Pensándolo bien, el anonimato parecía una buena idea.
—¿Crees que podría participar de forma anónima? —le pregunté—. A mí ya me vendría bien.
Mamá se ruborizó y dijo:
—No seas tonta. Haberlo pensado mientras lo hacías, jovencita. Por supuesto que llevará tu apellido, es decir, el nuestro.
Aun así, la vi pensativa. Pero qué más da si le preguntó a la señorita Harbottle si sería posible o no; la cuestión es que mi nombre aparecería estampado en mi obra. Sabía que me lo tenía merecido.
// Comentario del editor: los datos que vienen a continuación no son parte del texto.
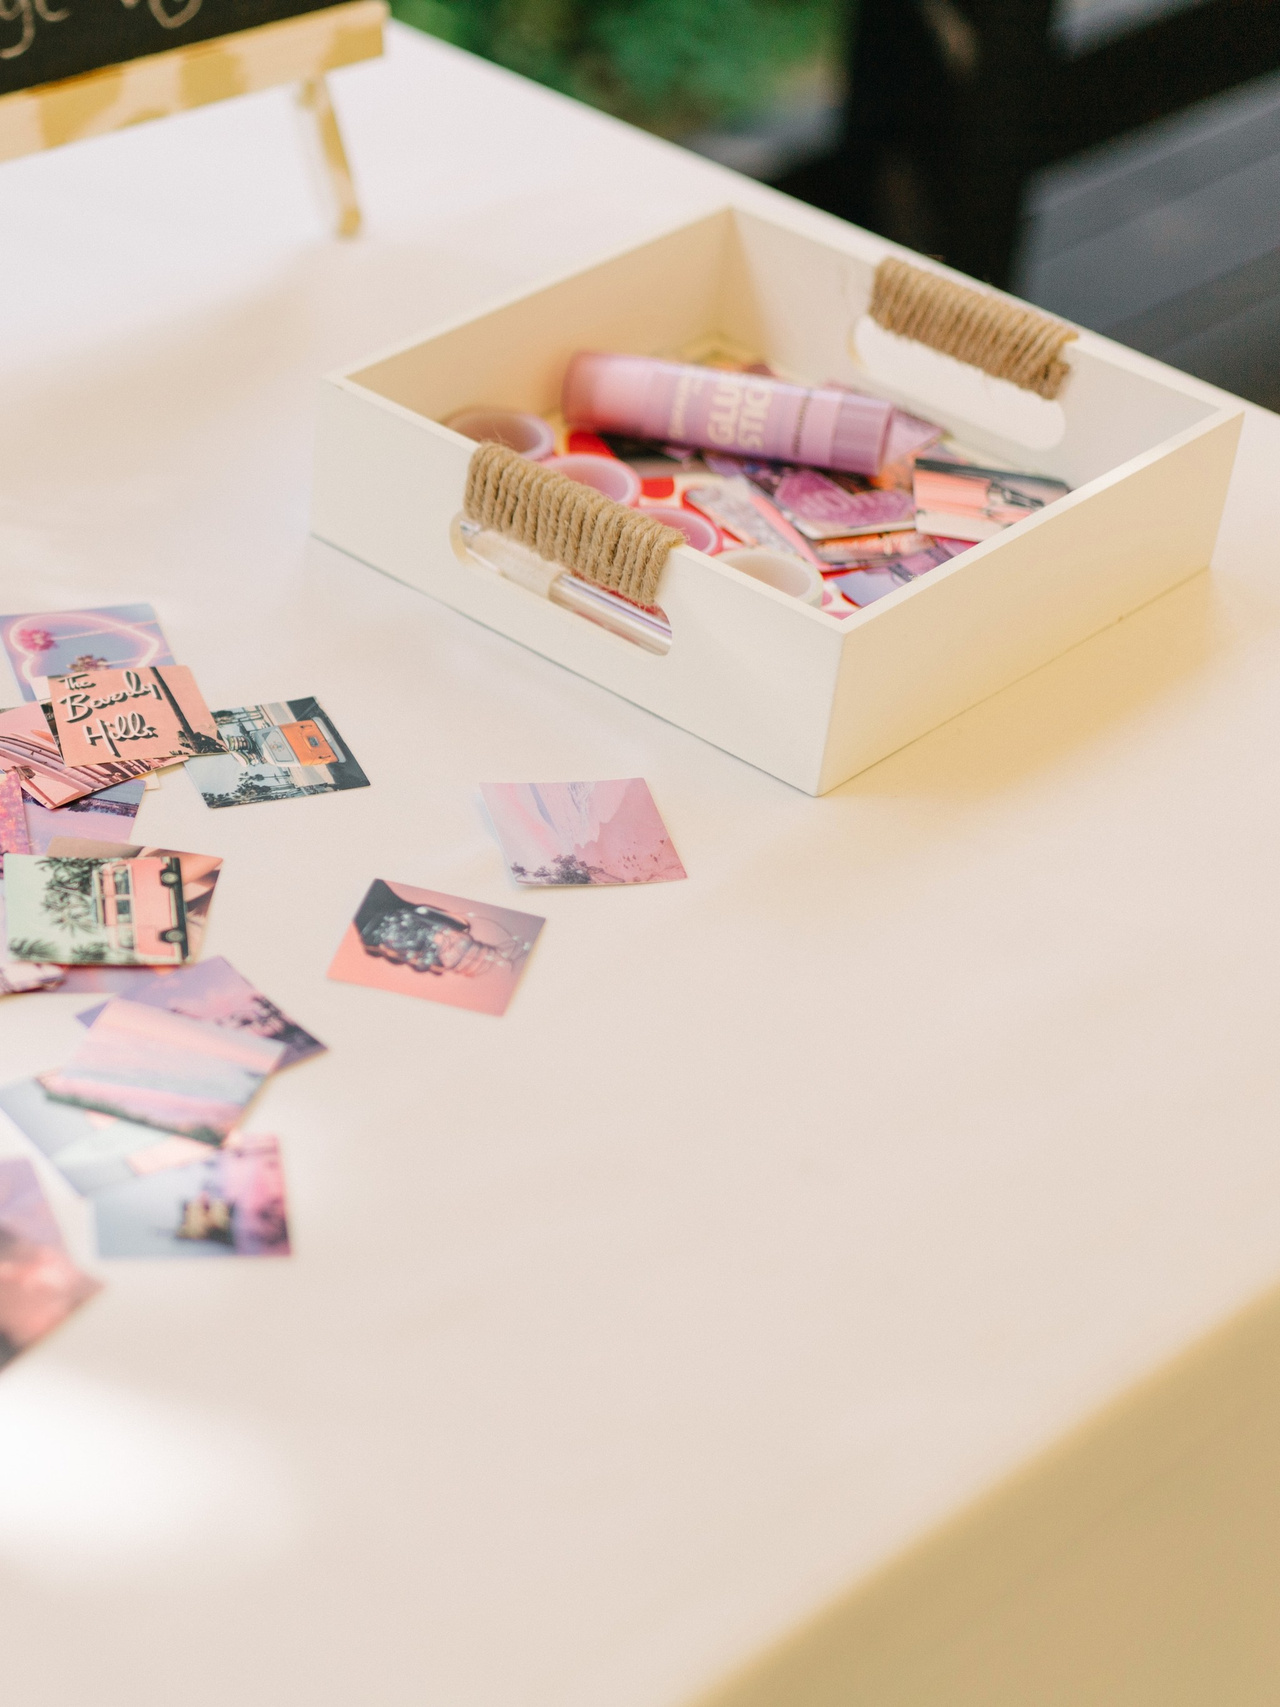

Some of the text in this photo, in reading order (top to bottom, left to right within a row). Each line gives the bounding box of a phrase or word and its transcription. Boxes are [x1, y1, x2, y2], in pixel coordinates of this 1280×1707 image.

[707, 373, 744, 446] GLU
[737, 377, 774, 450] STIC
[58, 673, 96, 690] The
[58, 670, 162, 723] Beverly
[82, 711, 158, 757] Hills
A los chicos no les habían obligado a participar en nada, pero Travis presentó voluntariamente su conejo de angora, Bunny. Era una criatura enorme, dócil y esponjosa de color blanco, a la que Travis peinaba de forma regular para entregar su sedoso pelaje al hilandero local, que a su vez se lo devolvía a mi madre en forma de la lana más suave del mundo. A Travis se le pasó por la cabeza inscribir a un ternero en la categoría de añojos; menos mal que Harry tuvo la sensatez de explicarle lo que ocurría inevitablemente con los ejemplares ganadores en las divisiones de ganado. Después de esto Travis nos volvió locos, a nosotros y a los organizadores de la feria, comprobando una y otra vez como un obseso que Bunny estuviera inscrito en la competición por el pelaje y no por la carne.
Sam Houston había tallado un retrato reconocible del presidente McKinley en madera de pacana, que requería un trabajo laborioso, y la presentó en la categoría de talla juvenil.
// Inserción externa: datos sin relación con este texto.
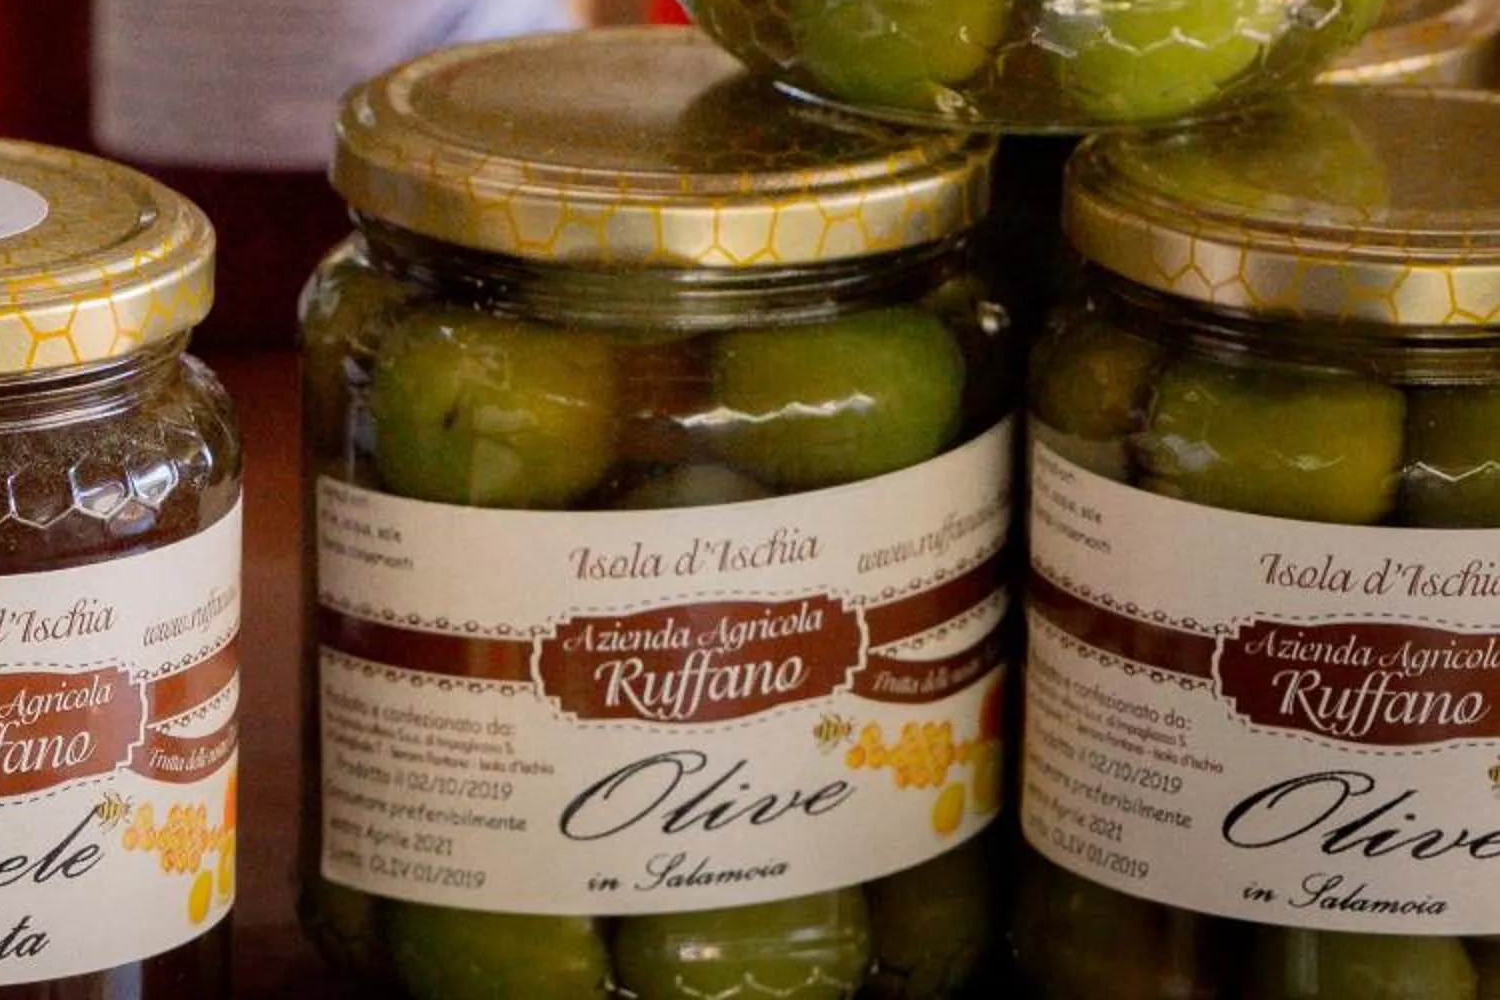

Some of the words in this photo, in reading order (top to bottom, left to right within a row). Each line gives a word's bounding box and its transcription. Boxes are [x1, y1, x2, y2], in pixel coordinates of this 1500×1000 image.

[568, 541, 664, 579] Isola
[675, 528, 821, 577] d'Ischia
[1260, 552, 1357, 595] Isola
[563, 616, 690, 653] Azienda
[699, 602, 823, 656] Agricola
[1245, 629, 1374, 667] Azienda
[594, 649, 808, 720] Ruffano
[1272, 669, 1491, 736] Ruffano
[559, 749, 856, 841] Olive
[587, 872, 620, 892] in
[634, 852, 790, 892] Salamoia
[1243, 881, 1276, 902] in
[1290, 872, 1448, 916] Salamoia
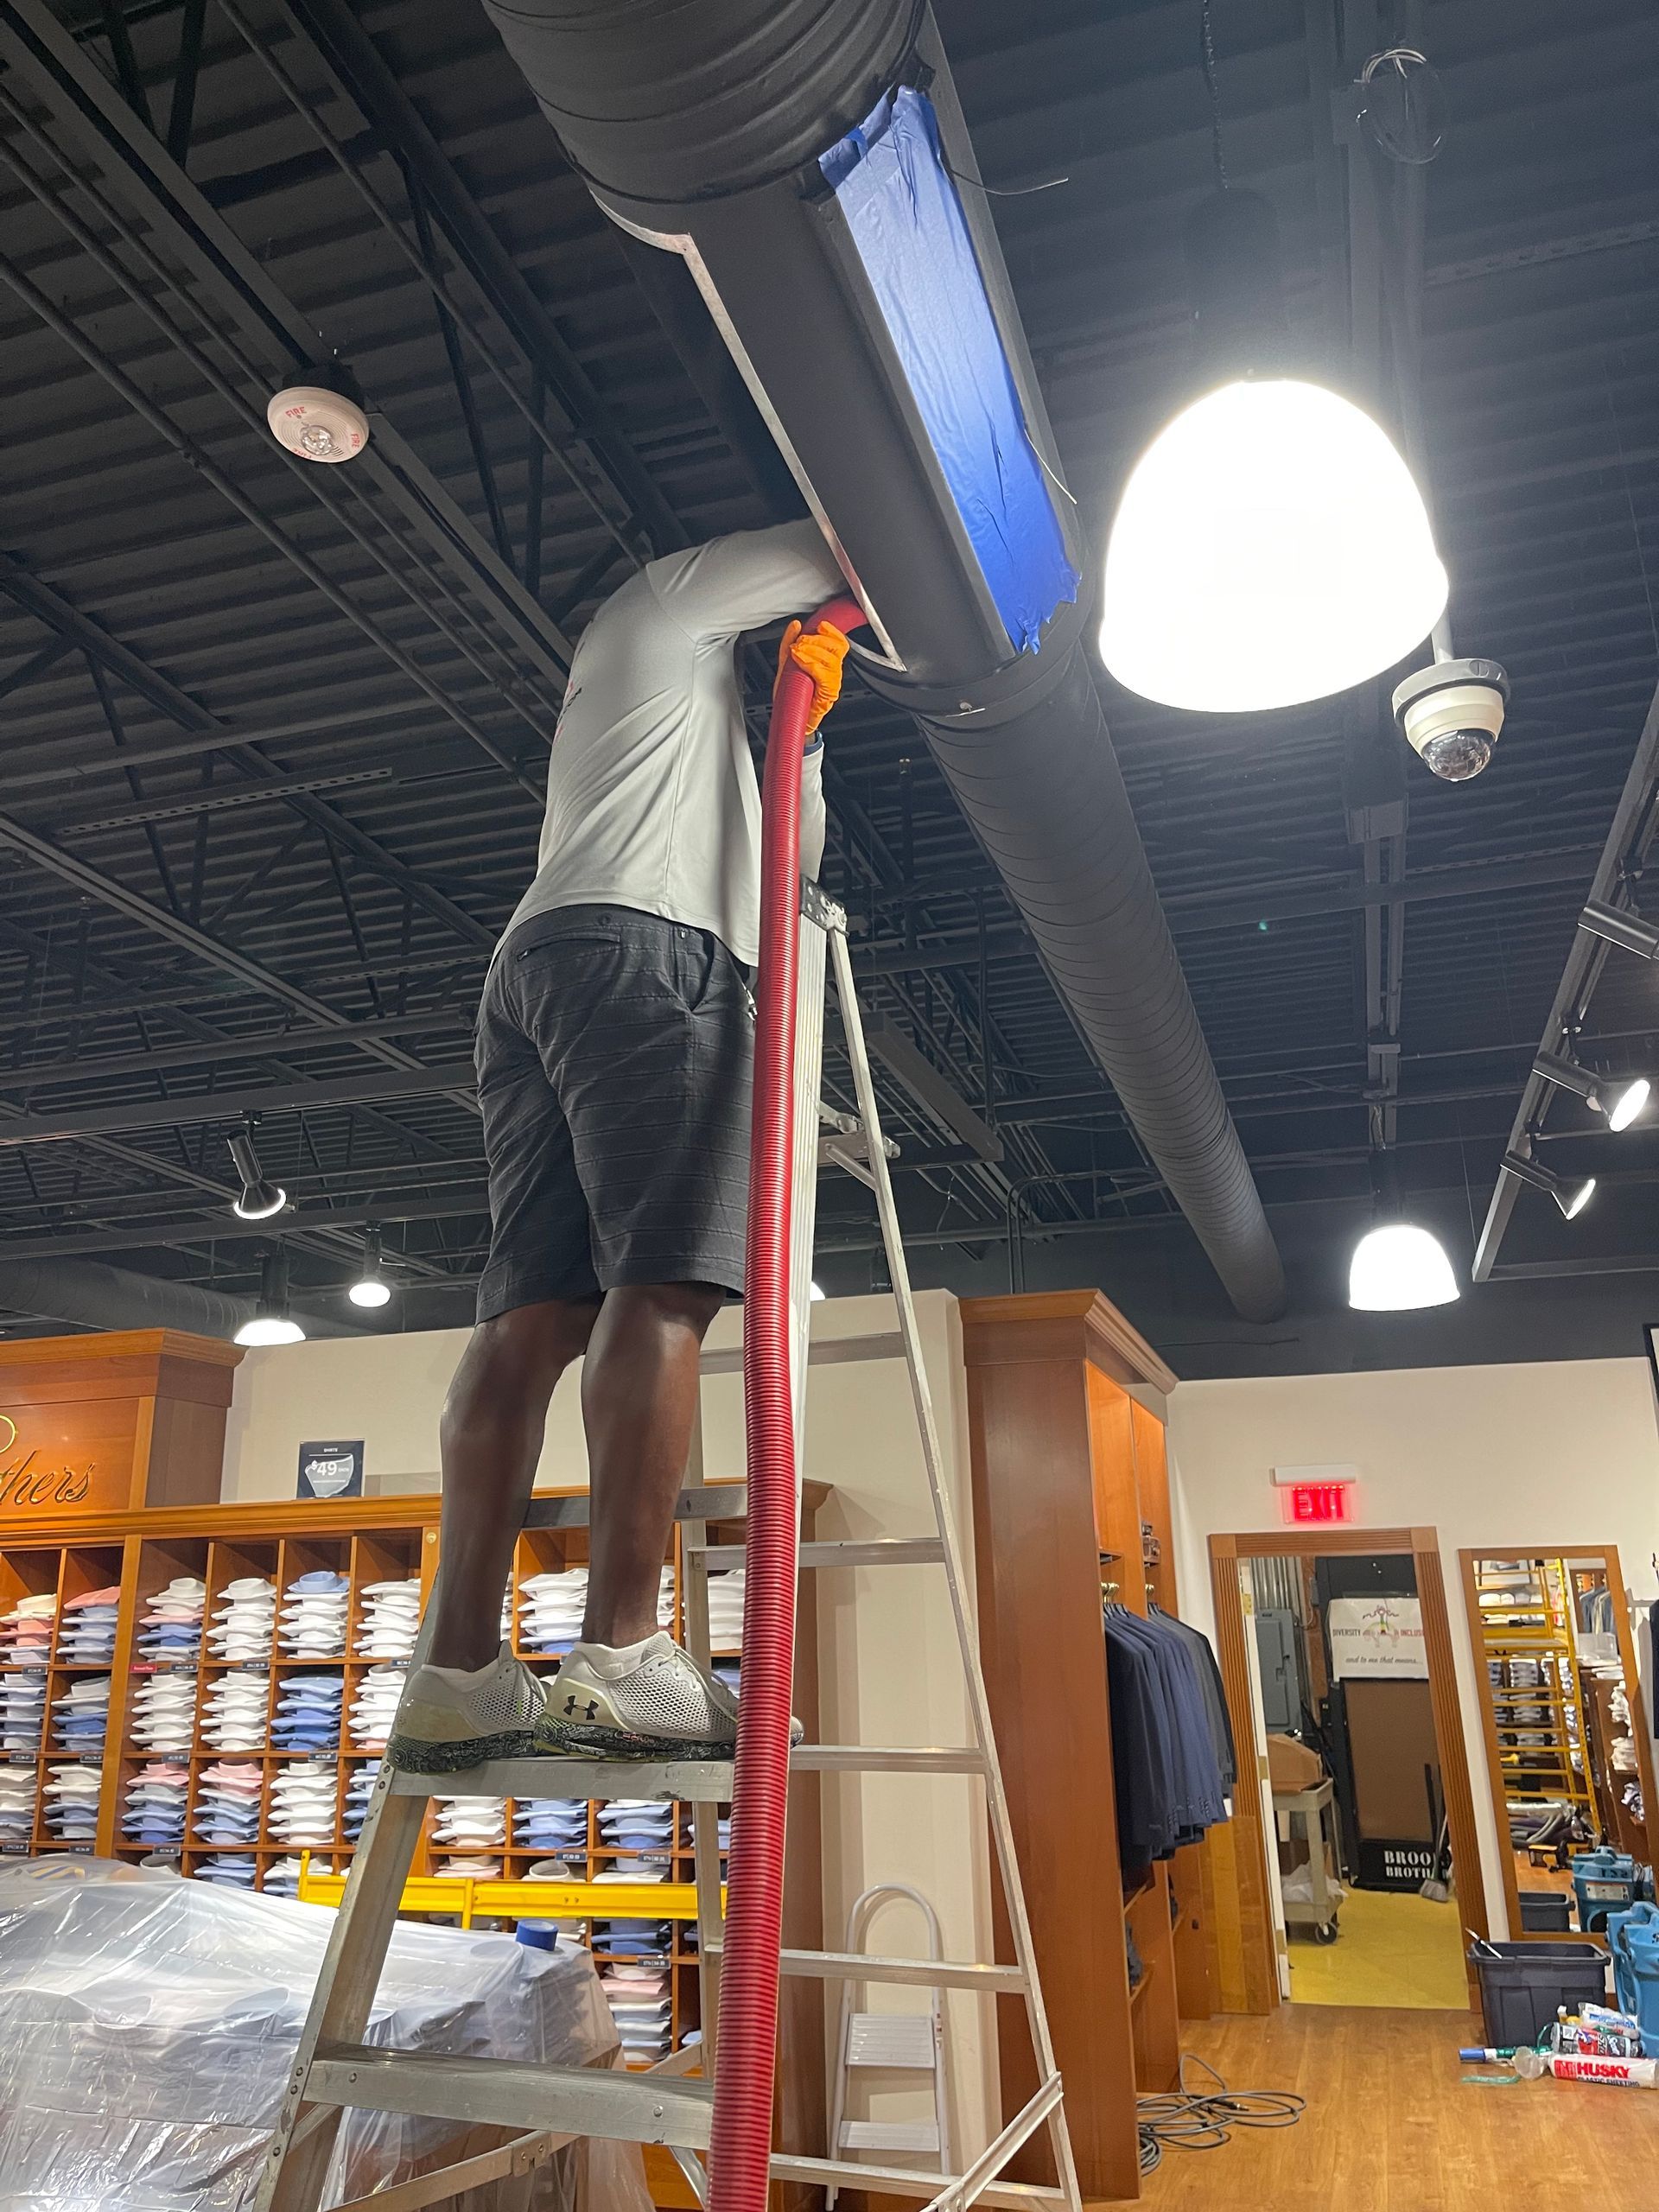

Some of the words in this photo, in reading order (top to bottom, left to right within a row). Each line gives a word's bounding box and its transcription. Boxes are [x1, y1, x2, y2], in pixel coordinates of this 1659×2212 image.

[285, 407, 306, 417] FIRE
[351, 433, 361, 448] FIRE
[311, 1459, 337, 1477] $49
[1292, 1485, 1344, 1522] EXIT
[1383, 1850, 1435, 1866] BROO
[1385, 1866, 1434, 1879] BROTH
[1577, 2062, 1632, 2080] HUSKY
Salvo por mi patética participación, el día prometía ser fantástico, en especial porque todos teníamos algo de dinero en el bolsillo, ahorrado de trabajar en la limpiadora. A mí todavía me quedaban quince centavos de cuando hice de niñera durante la cosecha, aun habiendo contratado a Sul Ross. Pensé en gastarme una parte en una nueva bebida de la que nos habían hablado a todos: la Coca-Cola.
El día amaneció despejado y, aunque sólo debíamos desplazarnos un kilómetro hasta el otro extremo del pueblo, la familia entera, incluido el abuelito, se apiñó en el carromato largo. Travis llevaba a Bunny en el regazo, dentro de una jaula de alambre, y sus mechones blancos flotaban a la luz del sol como nubes diminutas. Aparcamos entre una variopinta colección de carros, calesas y carromatos, dispuestos sin orden ni concierto en el terreno anexo a las numerosas carpas.
Mamá nos dio unas últimas instrucciones antes de que nos dispersáramos. Travis llevó a Bunny a la carpa de animales pequeños, y yo me dirigí hacia artesanía doméstica con mi aportación bien envuelta en papel marrón para que nadie la viera. Crucé el pasillo de los pasteles, en un entoldado provisto de muchas tiras matamoscas. Además de los pasteles, varias muchachas del condado habían preparado almuerzos de picnic, y quien ofreciera más por un almuerzo podía sentarse con la chica a disfrutar de su compañía y compartir las delicias de su cesta. Todo el dinero recaudado se destinaba al departamento de bomberos voluntarios. Supongo que era la versión agreste de una presentación en sociedad.
Yo me apresuré a entregar mi aportación para ir a dar una vuelta. Los de la Odd Fellows’Band ya resoplaban, bombeando un surtido constante de alegres valses y marchas que se oían por todo el terreno. Vi a mis hermanos desperdigados entre la multitud, y a algunos amigos de colegio. Vi a Sam Houston ganar un silbato en el lanzamiento de anillas, y más tarde vi un silbato exactamente igual en manos de Lula, aunque ésta parecía cogerlo sin ganas y sin prestarle mucha atención.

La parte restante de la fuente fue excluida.